Oh, sure, there was one advantage that was immediately apparent when Dean gave me my first, somewhat unwelcome, e-reader in 2009: it is an entire vacation library in a 10-ounce package. Any book lover who has ever had to deal with half a suitcase full of books could see the value in that. But for reading at home, why would I want to give up that beloved book in my hand?

So it came as a great surprise to me last week to realize that I prefer to read on my e-reader. Since you asked, I'll tell you the reasons I finally crossed over. For starters, there are advantages for those of us with aging eyes. You can turn the backlighting up (or down), you can adjust the size and spacing of the text. If you have a color screen, you can change the background, or reverse from white-on-black to black-on-white. You can even change the font.

And if I can't think of a thing I want to read, I can go to our public library's Lib2Go website any time of day or night and download something for free in about a minute. What's not to love about that? No epic quest for a parking place, no searching frantically for overdue books, no having to remember exactly what hours the library is open (not to mention that our library is closed on Sunday).

But most importantly of all, I can read in bed at night without disturbing Dean. Or at least without disturbing him as much. We've been on opposite schedules--he's a morning person, I'm a night owl--for our entire marriage, and it's only getting worse as we get older. I spent the first 29 years of our marriage trying various fancy booklights, bedside lamps with targeted beams, or --my default-- a flashlight resting precariously on my shoulder. I own probably twenty flashlights, none of which I can find at any particular moment.

But no more. The e-reader with its backlighting eliminates all that. And there's no rustling pages to turn. It's night-owl book-lover nirvana.

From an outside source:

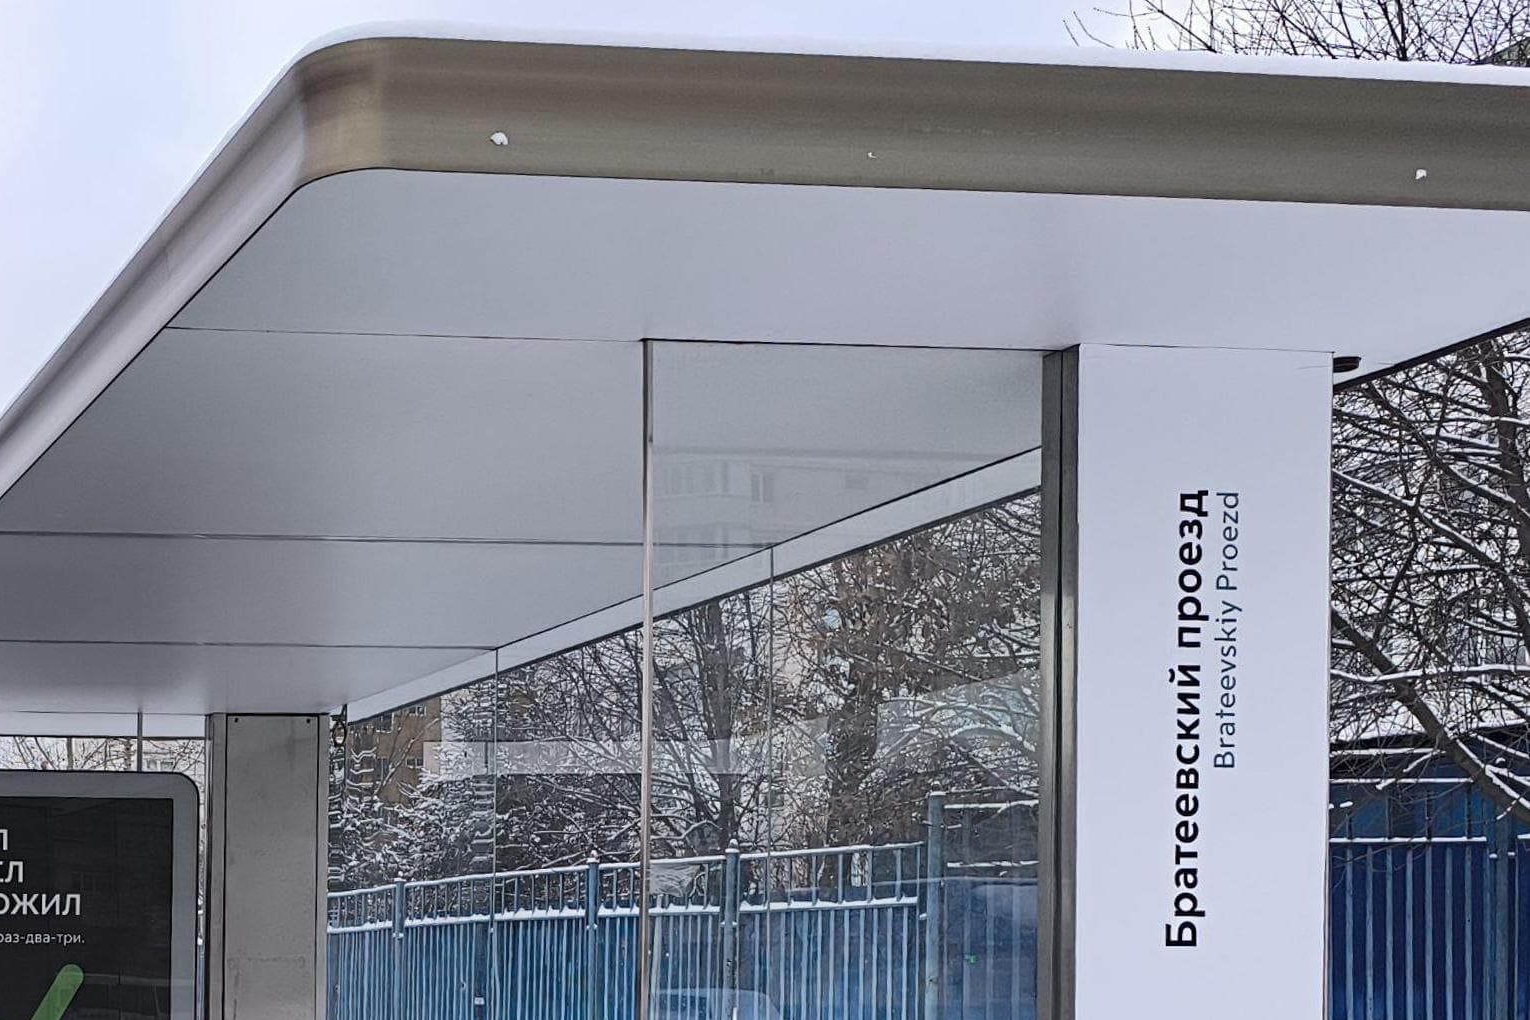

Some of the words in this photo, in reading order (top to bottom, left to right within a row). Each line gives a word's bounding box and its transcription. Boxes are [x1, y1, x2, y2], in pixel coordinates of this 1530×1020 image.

[1177, 490, 1209, 648] проезд
[1216, 492, 1239, 590] Proezd
[1214, 601, 1242, 769] Brateevskiy
[1165, 665, 1205, 946] Братеевский

I didn't realize I had turned the corner into preferring the e-reader, though, until last week when I was looking for something to read and the half-dozen books sitting on my bedside table just didn't look appealing. I've even found myself borrowing books from Lib2Go that I have sitting here on the shelf so that I don't have to deal with the physical book.

Oh, dear.

I guess there's no turning back. There will always be certain situations where a book is better--for example, when I'm reading a book for class, I need to be able to write in the margin and flip back and forth between locations. I also use those post-it flags with abandon--the books I carry to class often look as if they are sprouting colored post-it hair. But for the most part, I've made the switch. I feel a little guilty.

1 comment:

Debbie said...

This is why we always got along so well as children. The rest of the "clan" wanted to go outside and play. We wanted to stay inside and read. I might have agreed with you on preferring using my e-reader, and I do love reading on my ipad, but I have found that in order to fall asleep with any degree of certainty I must now read a "bricks and mortar" type of book (of which there is no lack at Chez Knit).